About "Lessons from the Front Lines: Implementing DevOps in Large Complex Organizations":
Financial services are not about high fives, flashy suits, and Maseratis. Behind the scenes, the technology that powers these companies walks a delicate line, balancing regulatory risk and the need for rapid technology response to continually changing market conditions. DevOps is the perfect fit, a natural for these organizations. Getting it right, however, is quite another story. Mike Baukes describes two recent experiences of wide-scale organizational change in establishing DevOps capabilities in a trading firm and a commercial banking operation. Mike shares his experiences with straightforward accounts of wrestling large-scale technical debt, enterprise cultural change, and a constant stream of pipeline changes going to production. Whatever your level of understanding of DevOps is, you will leave with penetrating insights and pointed anecdotes of what success and failure look like—from someone who has been there as a consultant and an employee.

 

Jonathan Vanian: Hello. Today, I'm with Mike Baukes. Mike Baukes is going to be speaking in the upcoming Agile Development Conference West. Mike, thank you for joining us today.

Mike Baukes: Hey, thanks. How's it going?

Jonathan Vanian: It's going well. I thought we should start off by having you explain a little bit about your career, thus far, for readers and listeners.

Mike Baukes: My background is, I'm very much an enterprise guy. Mostly financial services, predominantly large-scale enterprise IT. Everything from architecture to operations to app development, I've seen a lot of it and I've had senior leadership roles, had operational roles, and a lot of those types of components, which has been great.

Jonathan Vanian: Right.

Mike Baukes: For me, it was kind of natural after spending close to 12 or 15 years in there, my co-founder and I, we came across this continual problem and that was that it's really, really difficult when you're in a large-scale organization to get visibility across how everything's operating, and the composition of how services that our business relied on are actually stitched together.

Jonathan Vanian: Right.

Mike Baukes: After hitting our heads against this problem so often, and trying to automate solutions to build these services, it became pretty evident that if we were to stop and look at the composition of these companies that the best way to get everyone engaged and understanding these services is to use an emerging philosophy, which is called DevOps. DevOps is really about getting cohesive collaboration inside an organization in order to deliver software for the benefit of the business.

Jonathan Vanian: Are you seeing this in primarily financial service industry or just across the board, any type of large organization.

Mike Baukes: It's not only large organizations. It is across the board, but it's small organizations, it's larger organizations. I think everyone has realized and come to the conclusion that historically developers and operations, they are at odds, and there's no real mechanisms in place for them to establish communication and establish shared learnings between those different groups. I think that while I took them along and there are some pretty interesting processes around—formal adherence to processes for the benefit of operations and to some degree for the system designs principles, agile came along and started talking about iterative development cycles, trying to reduce the waterfall view.
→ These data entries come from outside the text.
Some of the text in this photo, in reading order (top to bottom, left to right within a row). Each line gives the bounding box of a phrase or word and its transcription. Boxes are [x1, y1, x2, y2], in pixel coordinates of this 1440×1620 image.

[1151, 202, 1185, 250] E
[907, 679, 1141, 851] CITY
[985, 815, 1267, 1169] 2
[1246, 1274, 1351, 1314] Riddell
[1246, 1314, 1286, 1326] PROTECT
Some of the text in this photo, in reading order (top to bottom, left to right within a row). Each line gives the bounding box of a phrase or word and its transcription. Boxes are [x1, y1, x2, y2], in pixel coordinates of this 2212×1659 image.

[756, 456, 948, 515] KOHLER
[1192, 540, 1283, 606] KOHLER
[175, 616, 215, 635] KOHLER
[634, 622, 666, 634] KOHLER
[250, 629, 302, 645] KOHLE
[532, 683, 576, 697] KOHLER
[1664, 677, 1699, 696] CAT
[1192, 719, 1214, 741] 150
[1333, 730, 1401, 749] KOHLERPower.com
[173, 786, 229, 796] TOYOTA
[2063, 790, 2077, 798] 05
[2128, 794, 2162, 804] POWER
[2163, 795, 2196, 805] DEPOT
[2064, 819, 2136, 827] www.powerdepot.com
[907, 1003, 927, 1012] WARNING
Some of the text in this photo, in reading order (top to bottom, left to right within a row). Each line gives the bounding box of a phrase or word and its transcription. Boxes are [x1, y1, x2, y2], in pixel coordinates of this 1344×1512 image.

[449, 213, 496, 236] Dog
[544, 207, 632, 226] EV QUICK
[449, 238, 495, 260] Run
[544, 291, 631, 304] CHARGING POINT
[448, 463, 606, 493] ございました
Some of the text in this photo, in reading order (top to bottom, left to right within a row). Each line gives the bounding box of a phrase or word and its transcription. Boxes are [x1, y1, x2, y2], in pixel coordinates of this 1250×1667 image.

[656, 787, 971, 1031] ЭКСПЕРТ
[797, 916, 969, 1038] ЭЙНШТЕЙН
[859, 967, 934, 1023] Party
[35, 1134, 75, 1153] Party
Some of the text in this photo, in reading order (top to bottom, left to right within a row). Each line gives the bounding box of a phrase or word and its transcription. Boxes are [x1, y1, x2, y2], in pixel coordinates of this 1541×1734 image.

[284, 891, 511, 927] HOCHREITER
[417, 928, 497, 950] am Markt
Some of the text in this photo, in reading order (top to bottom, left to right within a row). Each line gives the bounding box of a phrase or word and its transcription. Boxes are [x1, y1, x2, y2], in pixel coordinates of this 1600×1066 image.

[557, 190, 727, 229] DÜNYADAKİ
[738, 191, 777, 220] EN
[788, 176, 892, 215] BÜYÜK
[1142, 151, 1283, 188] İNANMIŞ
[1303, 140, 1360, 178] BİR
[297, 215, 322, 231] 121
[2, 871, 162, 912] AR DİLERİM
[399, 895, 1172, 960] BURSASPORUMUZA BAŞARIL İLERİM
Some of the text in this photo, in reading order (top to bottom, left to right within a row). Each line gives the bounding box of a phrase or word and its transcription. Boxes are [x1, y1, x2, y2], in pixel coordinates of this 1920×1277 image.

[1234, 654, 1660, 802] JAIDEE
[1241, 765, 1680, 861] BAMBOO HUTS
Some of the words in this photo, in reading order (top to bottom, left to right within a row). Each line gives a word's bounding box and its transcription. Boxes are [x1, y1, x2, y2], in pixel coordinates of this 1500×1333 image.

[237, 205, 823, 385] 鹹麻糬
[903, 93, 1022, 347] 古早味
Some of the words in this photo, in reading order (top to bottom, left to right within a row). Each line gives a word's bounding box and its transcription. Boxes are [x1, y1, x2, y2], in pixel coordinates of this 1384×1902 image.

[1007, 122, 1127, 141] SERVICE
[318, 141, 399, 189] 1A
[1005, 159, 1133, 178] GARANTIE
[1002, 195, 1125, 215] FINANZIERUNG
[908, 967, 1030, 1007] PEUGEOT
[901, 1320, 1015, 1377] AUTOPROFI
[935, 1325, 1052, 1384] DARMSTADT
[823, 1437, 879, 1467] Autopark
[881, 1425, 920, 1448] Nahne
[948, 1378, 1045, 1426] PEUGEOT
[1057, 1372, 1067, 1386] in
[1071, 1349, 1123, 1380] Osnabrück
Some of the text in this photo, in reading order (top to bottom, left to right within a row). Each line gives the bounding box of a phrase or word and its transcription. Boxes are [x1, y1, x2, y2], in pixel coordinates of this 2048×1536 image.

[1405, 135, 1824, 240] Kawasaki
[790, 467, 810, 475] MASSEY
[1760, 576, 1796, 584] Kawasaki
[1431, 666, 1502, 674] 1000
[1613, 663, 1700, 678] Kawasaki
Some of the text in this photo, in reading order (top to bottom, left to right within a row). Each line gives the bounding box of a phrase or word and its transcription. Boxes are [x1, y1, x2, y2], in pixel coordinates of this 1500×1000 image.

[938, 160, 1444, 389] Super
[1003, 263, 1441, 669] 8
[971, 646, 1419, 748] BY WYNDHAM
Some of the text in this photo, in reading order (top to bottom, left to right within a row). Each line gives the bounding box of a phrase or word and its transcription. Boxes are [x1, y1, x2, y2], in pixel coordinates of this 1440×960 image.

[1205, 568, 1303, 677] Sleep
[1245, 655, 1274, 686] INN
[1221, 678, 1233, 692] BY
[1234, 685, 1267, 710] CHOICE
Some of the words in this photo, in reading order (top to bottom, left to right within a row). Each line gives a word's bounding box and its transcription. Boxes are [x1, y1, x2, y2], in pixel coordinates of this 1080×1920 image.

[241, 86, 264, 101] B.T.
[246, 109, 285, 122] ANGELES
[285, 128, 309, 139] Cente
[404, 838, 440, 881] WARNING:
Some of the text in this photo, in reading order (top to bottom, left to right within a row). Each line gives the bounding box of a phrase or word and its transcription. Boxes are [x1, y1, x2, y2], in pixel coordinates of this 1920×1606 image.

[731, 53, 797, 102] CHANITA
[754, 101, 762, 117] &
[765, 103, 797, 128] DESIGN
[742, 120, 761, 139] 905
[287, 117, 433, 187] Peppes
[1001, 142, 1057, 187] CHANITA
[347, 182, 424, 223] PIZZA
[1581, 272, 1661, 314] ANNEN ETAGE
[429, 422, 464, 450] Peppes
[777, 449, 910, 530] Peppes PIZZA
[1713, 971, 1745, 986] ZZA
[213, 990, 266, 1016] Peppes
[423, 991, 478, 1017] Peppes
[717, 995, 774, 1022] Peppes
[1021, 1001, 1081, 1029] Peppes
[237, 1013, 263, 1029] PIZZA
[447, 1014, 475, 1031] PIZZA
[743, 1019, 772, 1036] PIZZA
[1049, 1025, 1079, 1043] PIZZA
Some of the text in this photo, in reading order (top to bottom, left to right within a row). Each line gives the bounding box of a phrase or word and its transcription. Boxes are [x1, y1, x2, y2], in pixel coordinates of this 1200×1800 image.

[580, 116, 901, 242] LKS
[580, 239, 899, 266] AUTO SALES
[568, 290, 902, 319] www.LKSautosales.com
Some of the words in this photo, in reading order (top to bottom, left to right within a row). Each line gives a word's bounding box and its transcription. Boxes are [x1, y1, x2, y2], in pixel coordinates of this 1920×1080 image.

I think we're now seeing, as a result of agile occurring and has a result of the cloud, and the data center perimeter extending out to the Internet, what we're beginning to see is this need to deliver solutions faster and in a more agile way. Naturally, now the operational guys that have historically been very much looking at protecting the environment, and safeguarding it to some degree, are now beginning to learn a lot of agile techniques to effectively manage their infrastructure faster, provide consistency, and really provide clarity and visibility across all those types of environments. It's a pretty exciting time for everyone, I think.

Jonathan Vanian: Yeah, I'm sure. I want to ask you a real basic question on what is DevOps? I like asking that because people have so many definitions. What is your definition of DevOps?

Mike Baukes: It's just collaboration with a shared goal. Really about being able to collectively learn as an organization. I think foundationally for me if you're going to distill anything in a really simple format, it's really about being able to fail, but at the same time being able to learn about failure and being able to move very fast and very iteratively.

Jonathan Vanian: Right, do you see it as a means of connecting the old-school waterfall development with agile now that people have to be connected with each other.

Mike Baukes: I think, in general, waterfall has its place. it's just like outsourcing has its place. I think there's arguments for it and there's arguments against it. Just as you can say agile has succeeded a great deal in being able to get people collectively to deliver software faster, I think there's also a certain level of comfort and robustness that sometimes, under certain circumstances, very regularly, waterfall can also benefit. I think to some degree we at this weird intersection at the moment where I think the genuine knowledge around how IT systems are constructed, developed, and supported are coming into this weird confluence of organizations' ability to be able to execute on this stuff to a world-class standards increasing and at the same time the quality of software in general, over-archingly, is becoming a little bit more robust.

At the same time, accessibility to this knowledge, be it code or knowledge in stack exchange, all of this stuff is forming now so that you can get to market faster, you can stay safe, and you can go very fast doing it. A lot of organizations are trying to work out how to do that, trying to understand how they can move forward on that journey, once it works.

Jonathan Vanian: Sure. It's a subject that you could just talk endlessly about. Let's just talk a little bit about why is it hard for organizations to get DevOps right.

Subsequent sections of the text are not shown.